En ese mismo tiempo, el emperador Marco Aurelio —que también era filósofo pensador de la condición humana— afirma la necesidad de rezar para entablar una cooperación provechosa entre acción divina y acción humana. En su obra Recuerdos escribe: «¿Quién te ha dicho que los dioses no nos ayudan incluso en lo que depende de nosotros? Comienza, por tanto, a rezarles y verás» (Dictionnaire de spiritualitè XII/2, col. 2213). Que bueno poder leer en todas las culturas de todos los tiempos cómo se ha manifestado el corazón humano en clave orante. 

Este consejo del emperador filósofo fue puesto en práctica efectivamente por innumerables generaciones de hombres antes de Cristo, demostrando así que la vida humana sin la oración, que abre nuestra existencia al misterio de Dios, queda privada de sentido y de referencia.

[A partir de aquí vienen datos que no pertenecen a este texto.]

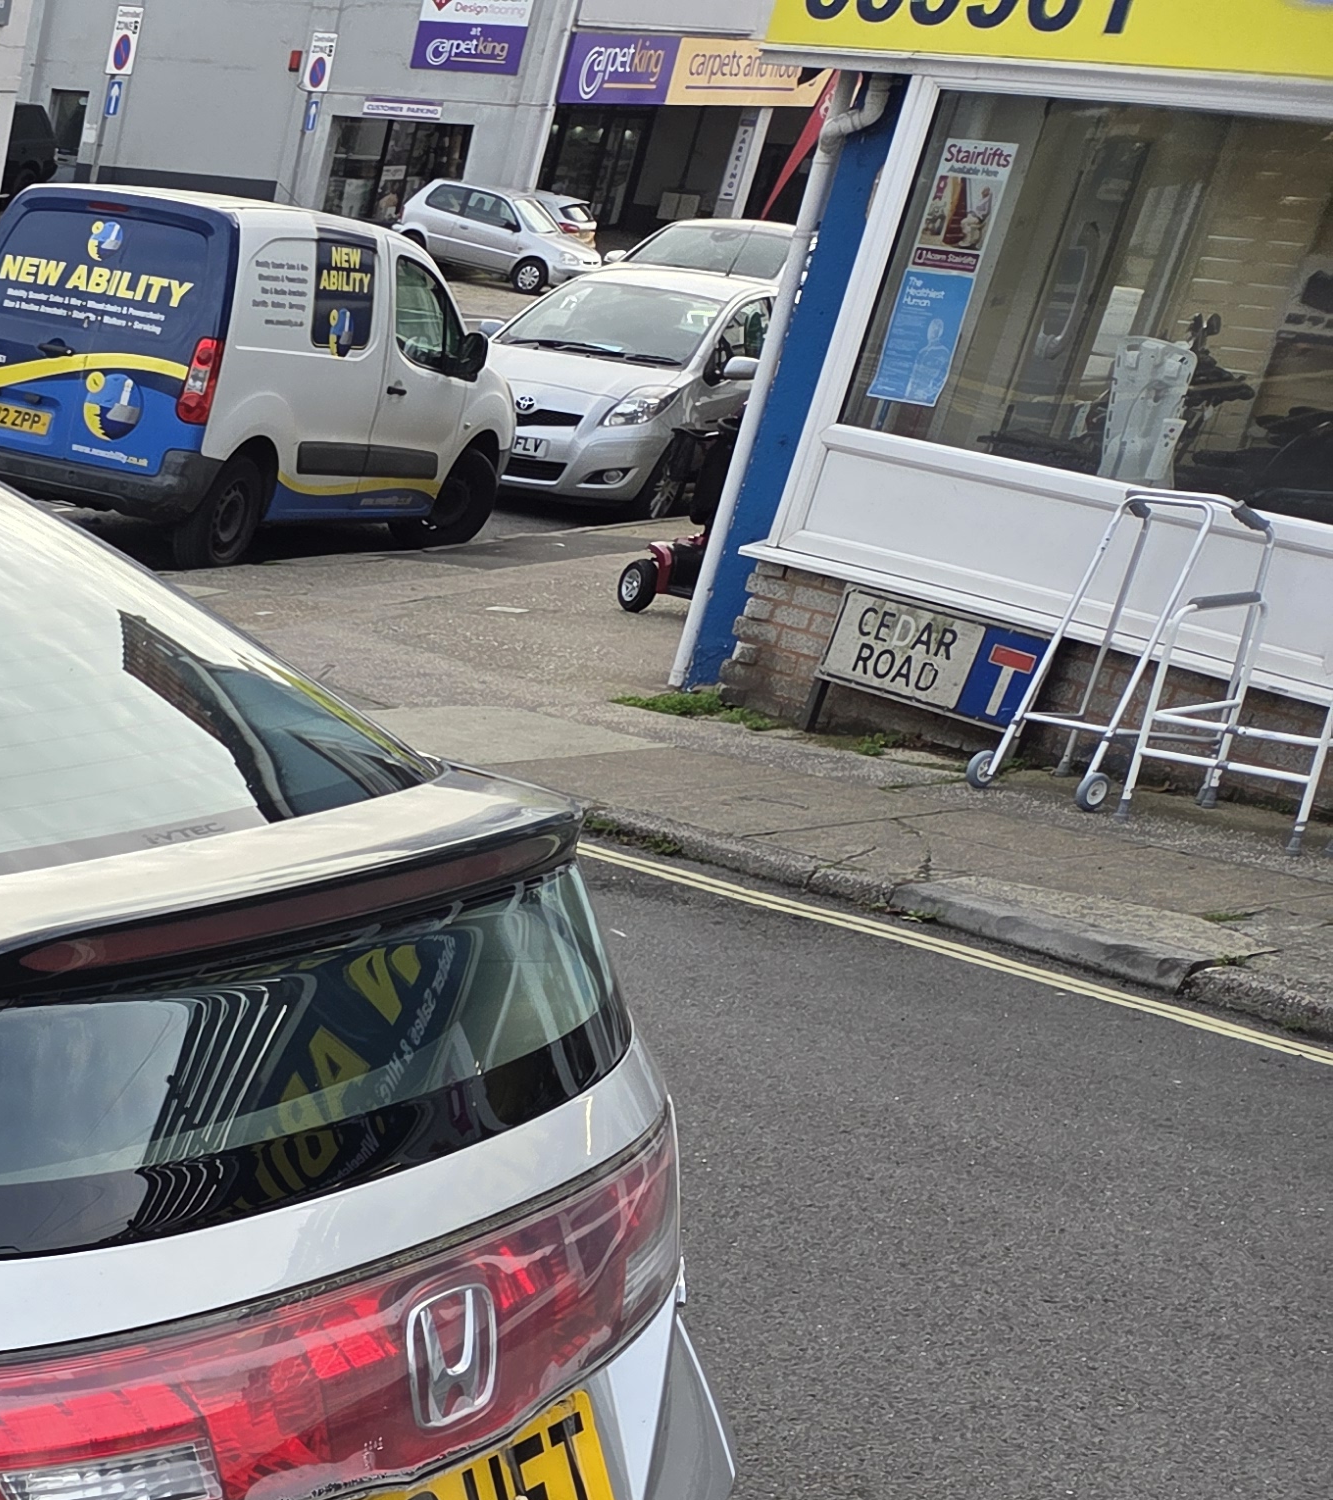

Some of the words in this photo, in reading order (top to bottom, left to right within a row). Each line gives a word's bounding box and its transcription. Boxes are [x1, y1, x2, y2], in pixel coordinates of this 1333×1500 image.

[470, 27, 482, 36] at
[689, 50, 741, 83] carpets
[366, 104, 403, 112] CUSTOMER
[406, 107, 439, 115] PARKING
[944, 143, 1012, 168] Stairlifts
[331, 246, 361, 269] NEW
[65, 264, 194, 307] ABILITY
[319, 269, 371, 293] ABILITY
[909, 276, 923, 287] The
[11, 410, 42, 430] ZPP
[858, 607, 958, 660] CEDAR
[852, 642, 938, 691] ROAD
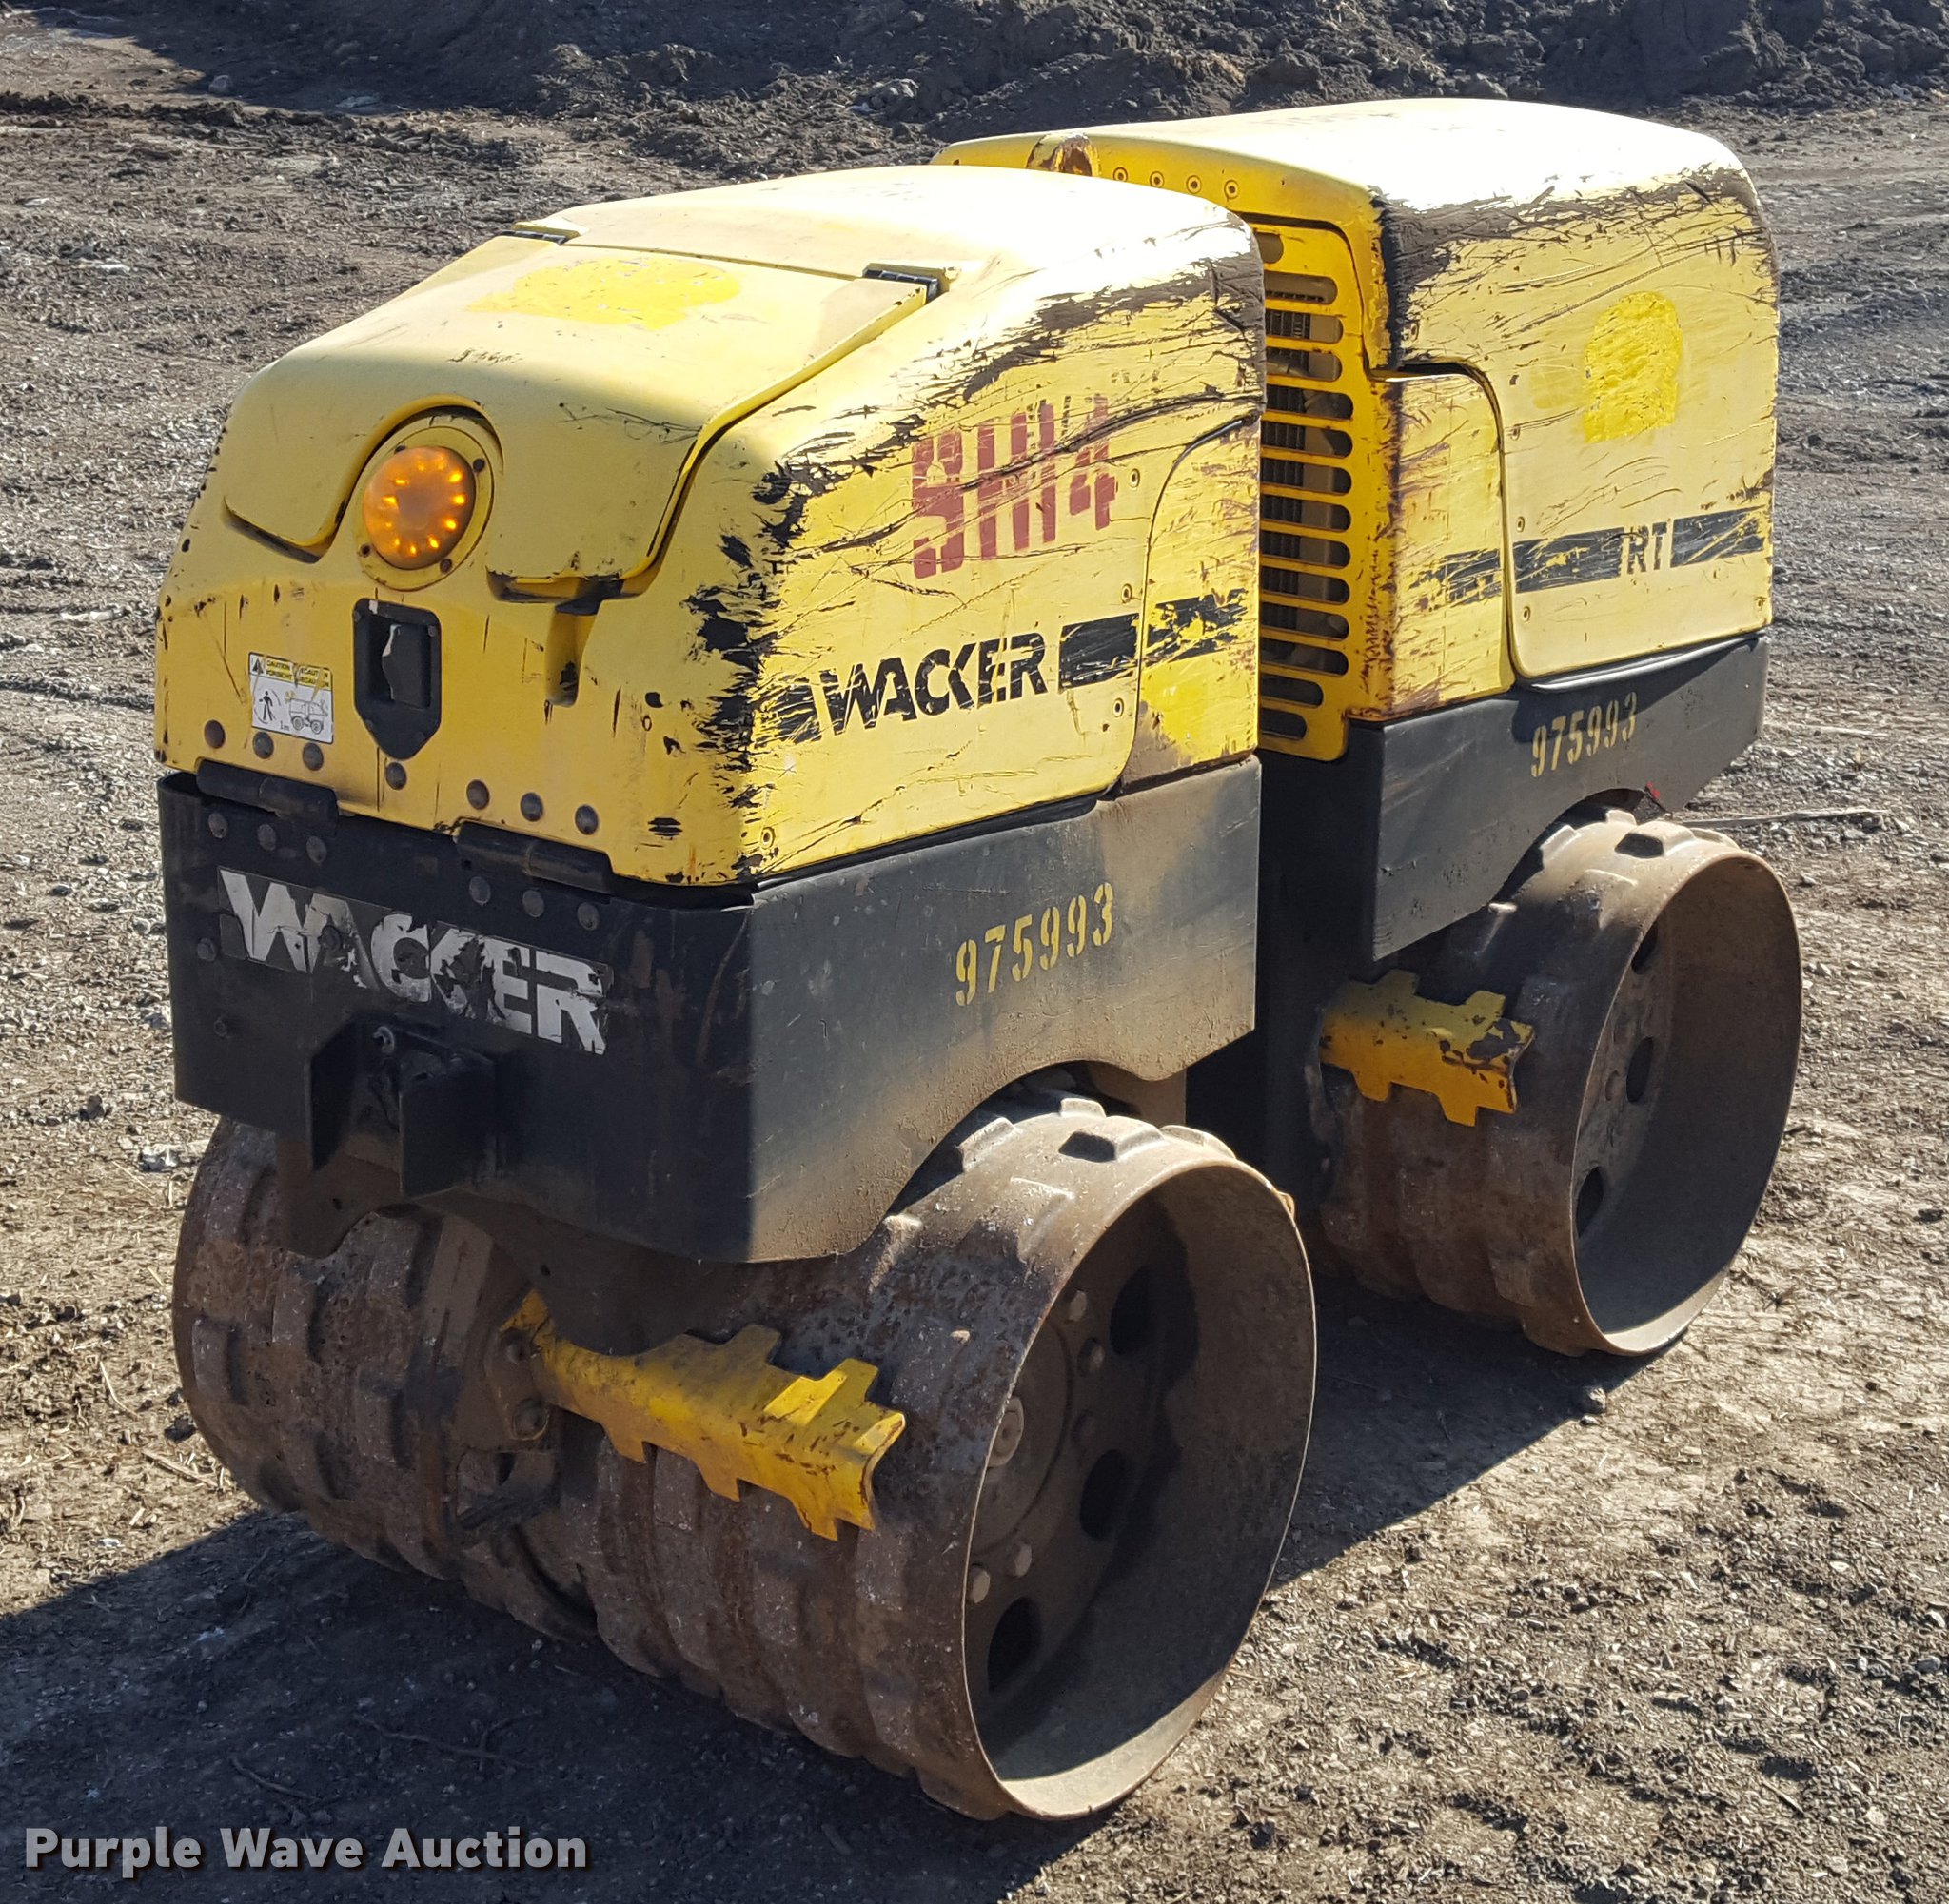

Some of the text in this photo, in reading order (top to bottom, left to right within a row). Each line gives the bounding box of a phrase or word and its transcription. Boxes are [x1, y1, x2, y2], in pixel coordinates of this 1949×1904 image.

De hecho, en toda oración se expresa siempre la verdad de la criatura humana, que por una parte experimenta debilidad e indigencia, y por eso pide ayuda al cielo, y por otra está dotada de una dignidad extraordinaria, porque, preparándose a acoger la Revelación divina, se descubre capaz de entrar en comunión con Dios.

Dios nos busca desde dentro

Diversas épocas y civilizaciones distintas muestran este clamor que brota desde lo más profundo de lo humano por el sentido de la trascendencia y se hacen oración. No es un invento de alguien el hecho de orar, sino una necesidad existencial. El hombre de todos los tiempos reza porque no puede menos de preguntarse cuál es el sentido de su existencia, que resulta oscuro y desalentador frente el encuentro con su propia limitación y con el dolor, el sufrimiento y la muerte en particular. Si la vida no tiene un sentido de trascendencia la existencia es una angustia insoportable. Lo entendieron así los paganos que hicieron oración.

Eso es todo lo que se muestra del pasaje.